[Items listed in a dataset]
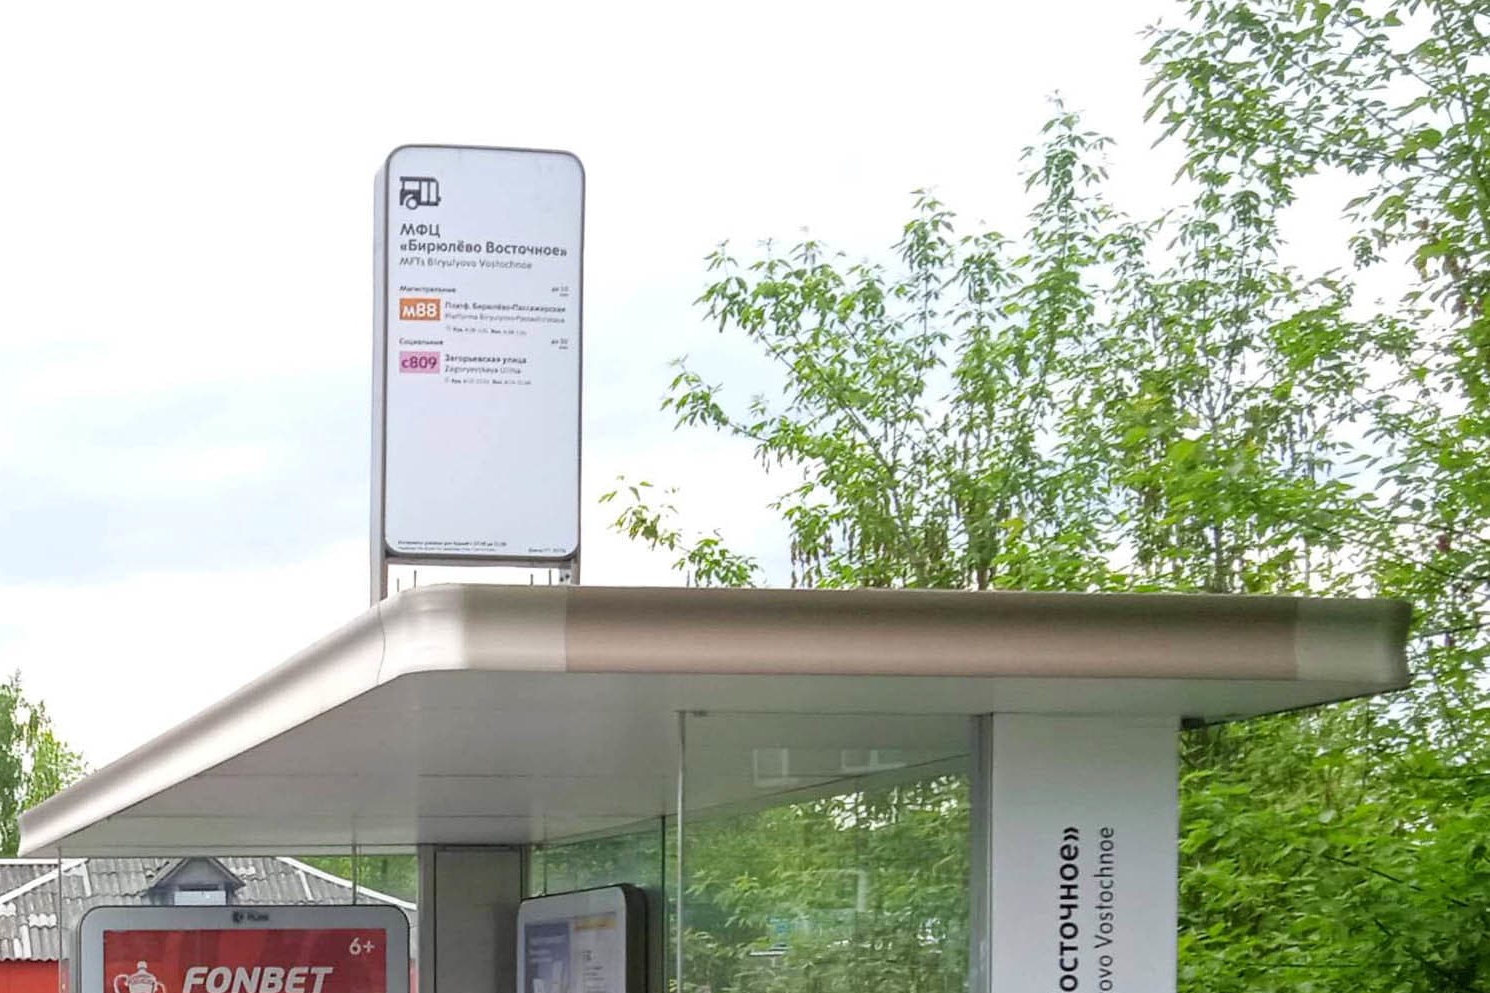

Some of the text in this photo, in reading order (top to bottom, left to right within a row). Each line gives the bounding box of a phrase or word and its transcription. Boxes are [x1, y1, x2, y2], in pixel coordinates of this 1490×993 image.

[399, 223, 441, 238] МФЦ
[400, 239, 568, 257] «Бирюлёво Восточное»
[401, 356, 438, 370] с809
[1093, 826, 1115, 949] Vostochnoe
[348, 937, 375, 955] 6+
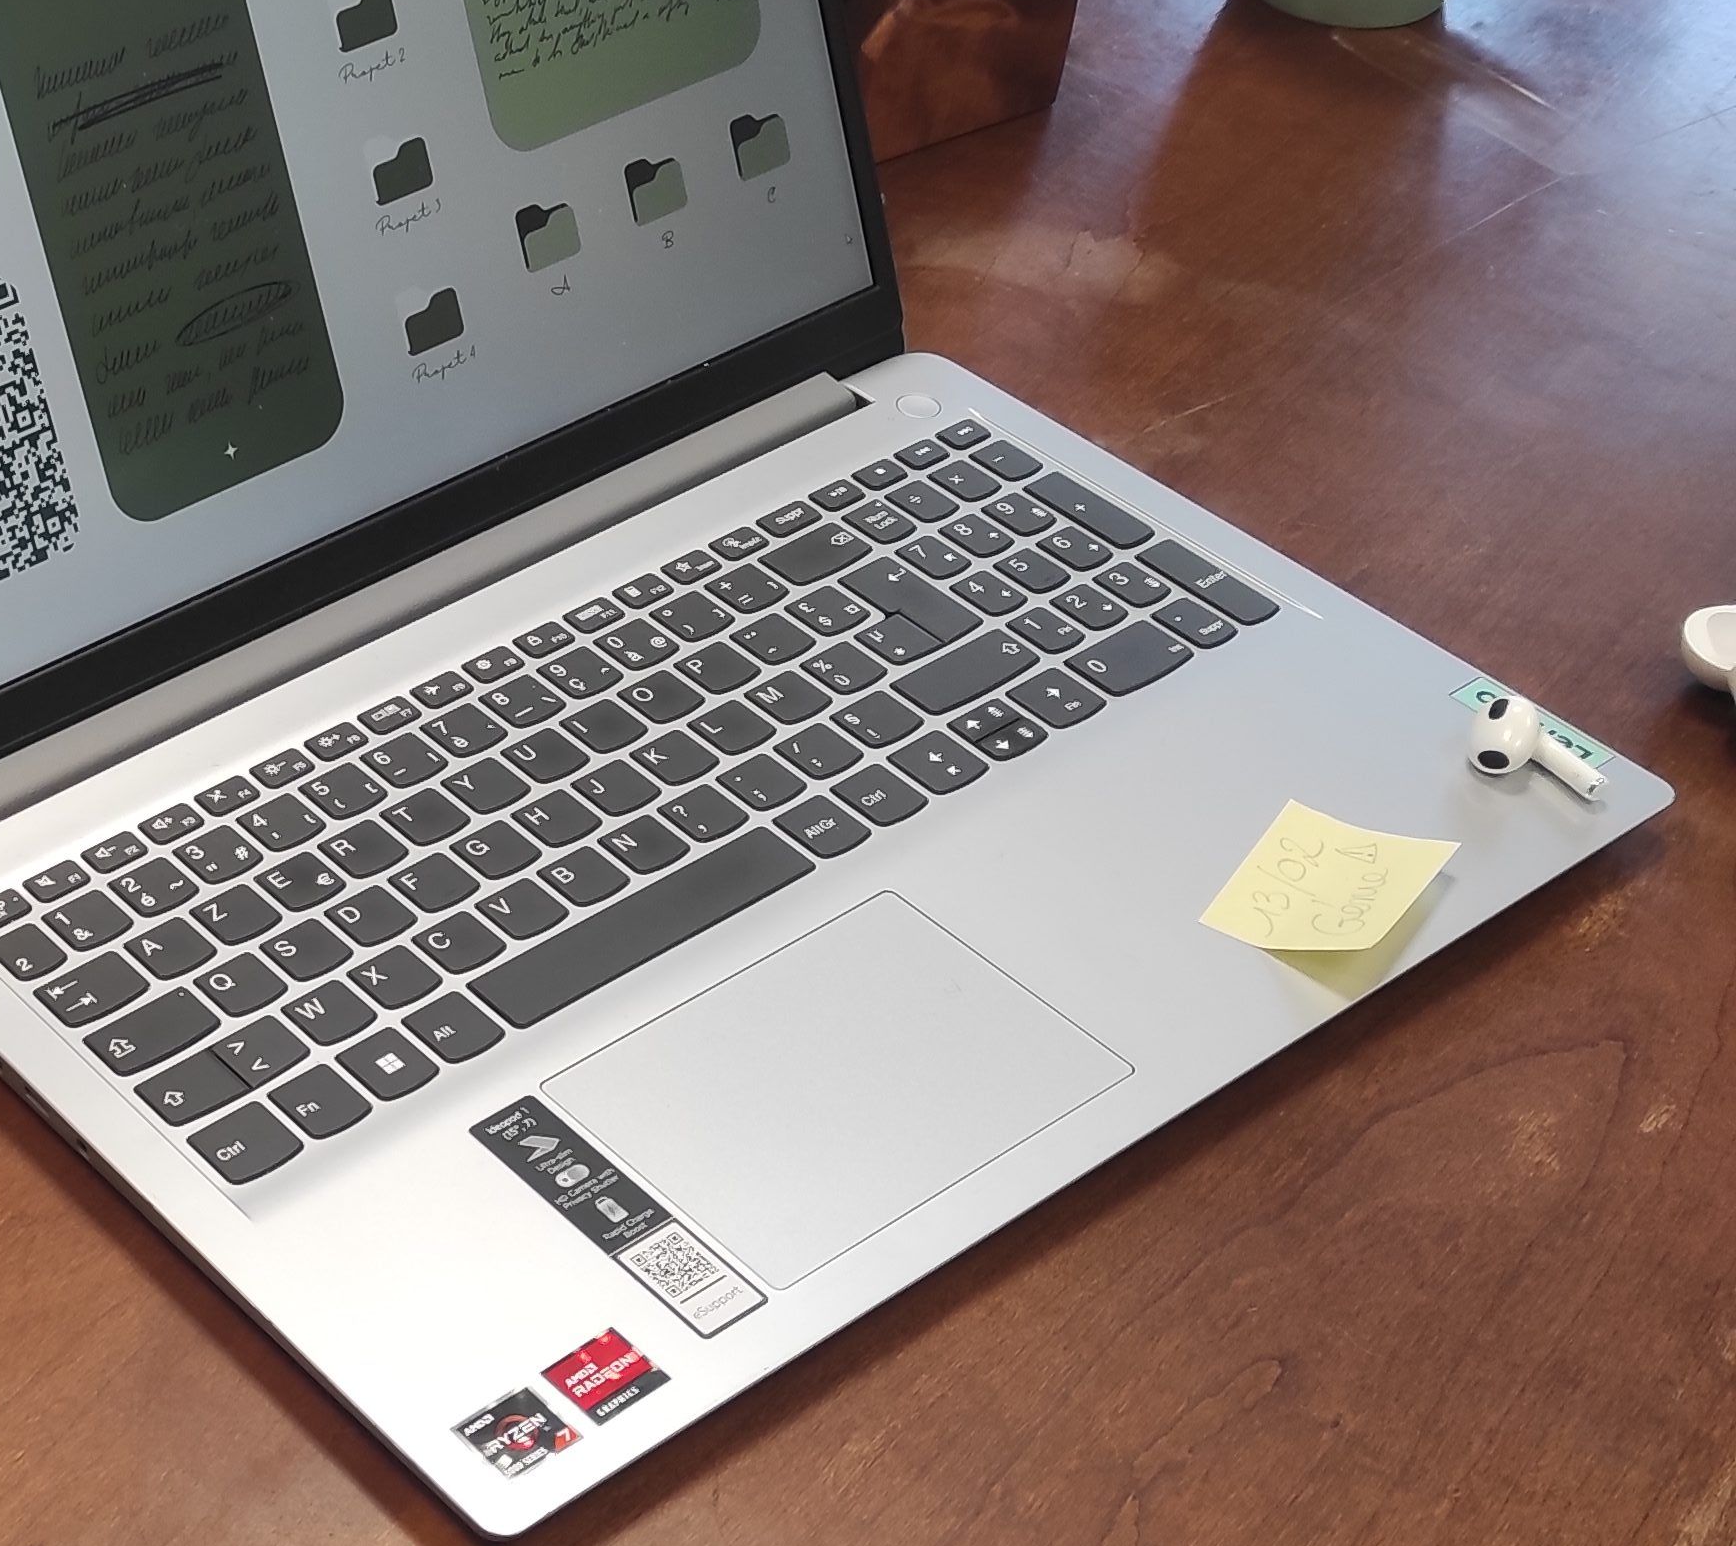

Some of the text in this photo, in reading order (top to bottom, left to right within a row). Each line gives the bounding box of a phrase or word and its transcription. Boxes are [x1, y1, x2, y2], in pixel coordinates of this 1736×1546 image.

TRY IT
Write out each entry exactly as given, omitting any picture.

OUTPUT FOR THIS TASK
Some of the text in this photo, in reading order (top to bottom, left to right within a row). Each line gives the bounding box of a phrase or word and its transcription. Boxes are [x1, y1, x2, y2], in pixel coordinates of this 1490×993 image.

[399, 223, 441, 238] МФЦ
[400, 239, 568, 257] «Бирюлёво Восточное»
[401, 356, 438, 370] с809
[1093, 826, 1115, 949] Vostochnoe
[348, 937, 375, 955] 6+

Some of the text in this photo, in reading order (top to bottom, left to right within a row). Each line gives the bounding box of a phrase or word and its transcription. Boxes are [x1, y1, x2, y2], in pixel coordinates of this 1736×1546 image.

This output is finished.